(Text-to-region grounding data)
* * * *

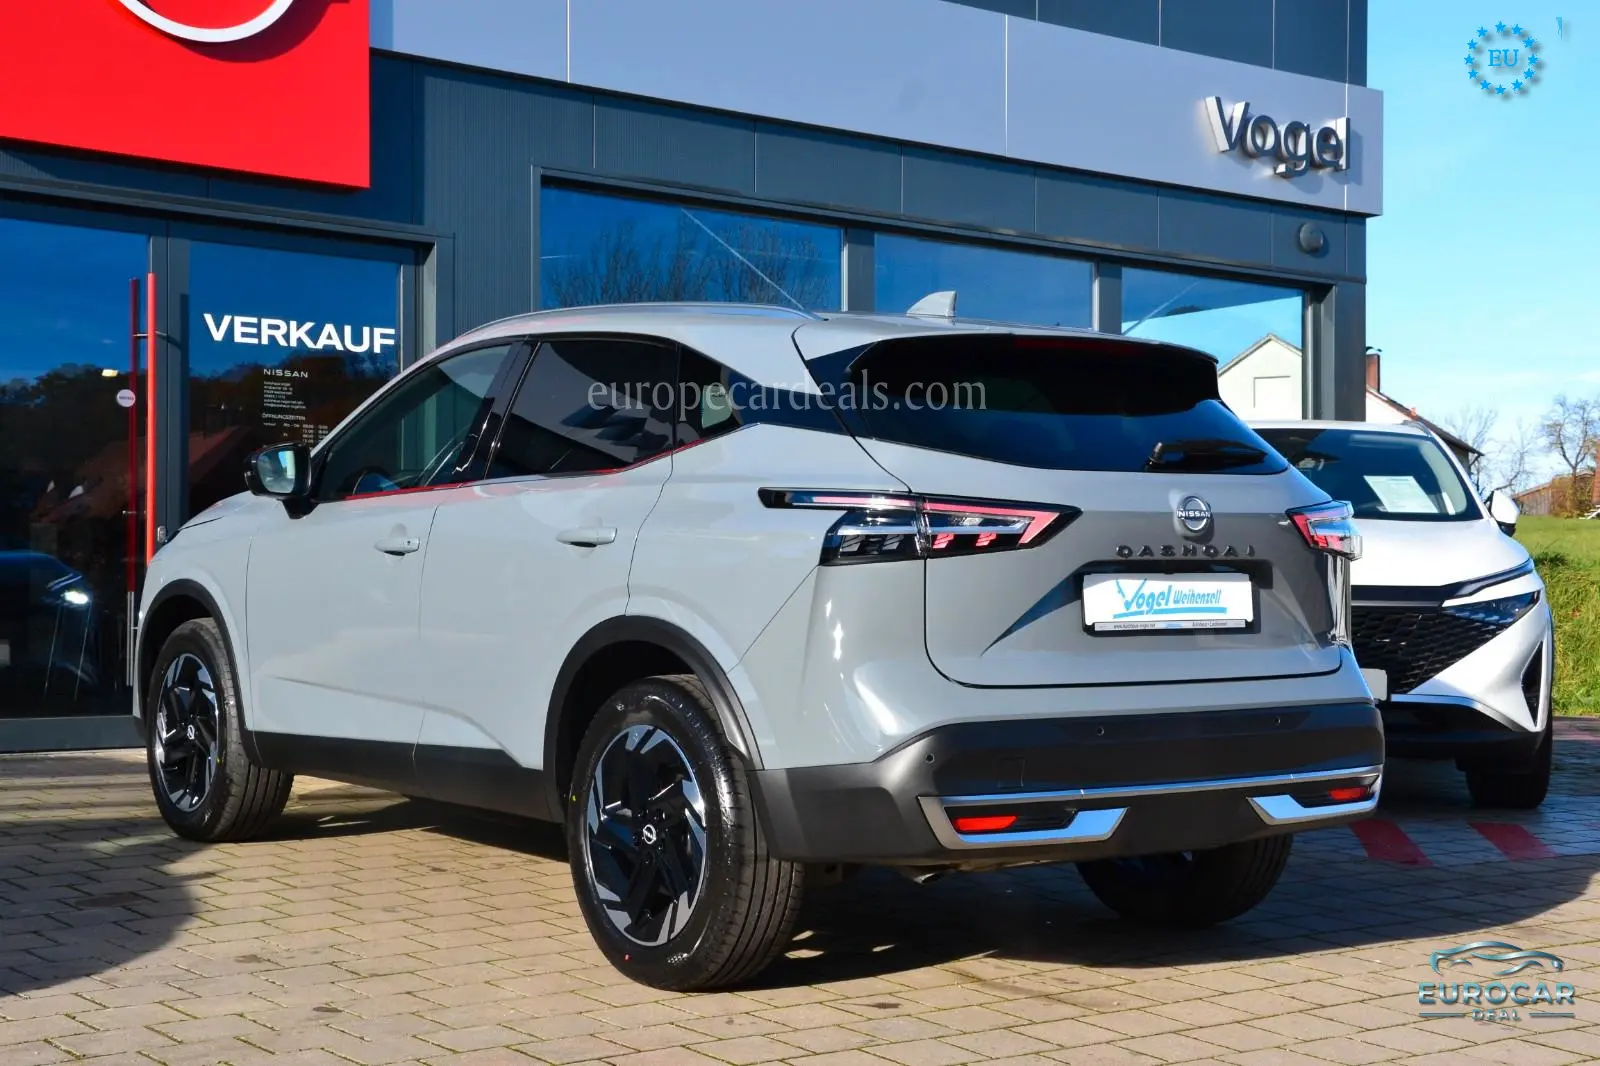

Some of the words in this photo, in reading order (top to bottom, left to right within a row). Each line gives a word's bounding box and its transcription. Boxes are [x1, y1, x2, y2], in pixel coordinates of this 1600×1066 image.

[1204, 95, 1351, 178] Vogel
[203, 313, 396, 354] VERKAUF
[263, 368, 309, 378] NISSAN
[1176, 509, 1212, 519] NISSAN
[1115, 544, 1256, 558] QASHQAI
[1115, 578, 1173, 615] Vogel
[1173, 588, 1222, 605] Weihenzell
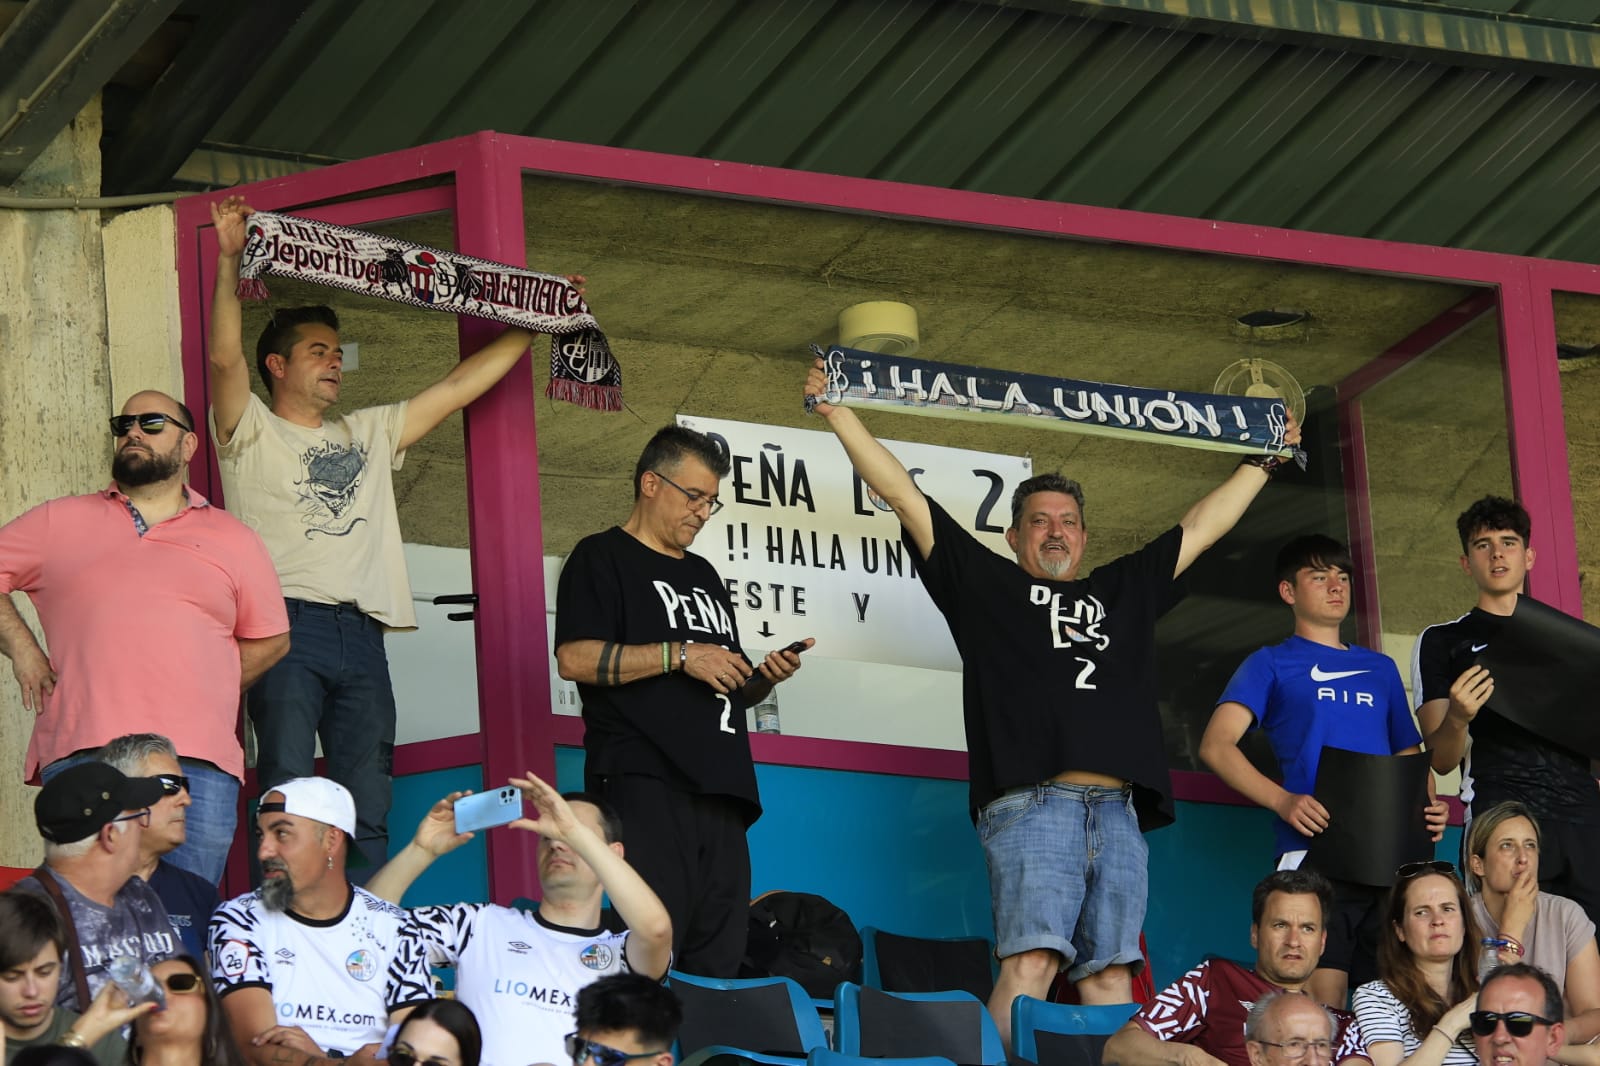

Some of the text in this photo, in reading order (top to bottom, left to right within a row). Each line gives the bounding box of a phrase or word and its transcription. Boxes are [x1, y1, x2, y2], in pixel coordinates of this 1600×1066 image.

* * * *

▸ Exercise
Your copy must hold every record above in its exact wording and must hold no pictures.

▸ Expected answer
Some of the words in this photo, in reading order (top to bottom, left to right within a row). Each line gives a word's bounding box and its transcription. Boxes are [x1, y1, x2, y2], in pixel coordinates of this 1600×1066 image.

[1204, 95, 1351, 178] Vogel
[203, 313, 396, 354] VERKAUF
[263, 368, 309, 378] NISSAN
[1176, 509, 1212, 519] NISSAN
[1115, 544, 1256, 558] QASHQAI
[1115, 578, 1173, 615] Vogel
[1173, 588, 1222, 605] Weihenzell

Some of the text in this photo, in reading order (top to bottom, left to right within a row). Each line gives the bounding box of a phrase or word and its transcription. Boxes are [x1, y1, x2, y2], in pixel coordinates of this 1600×1066 image.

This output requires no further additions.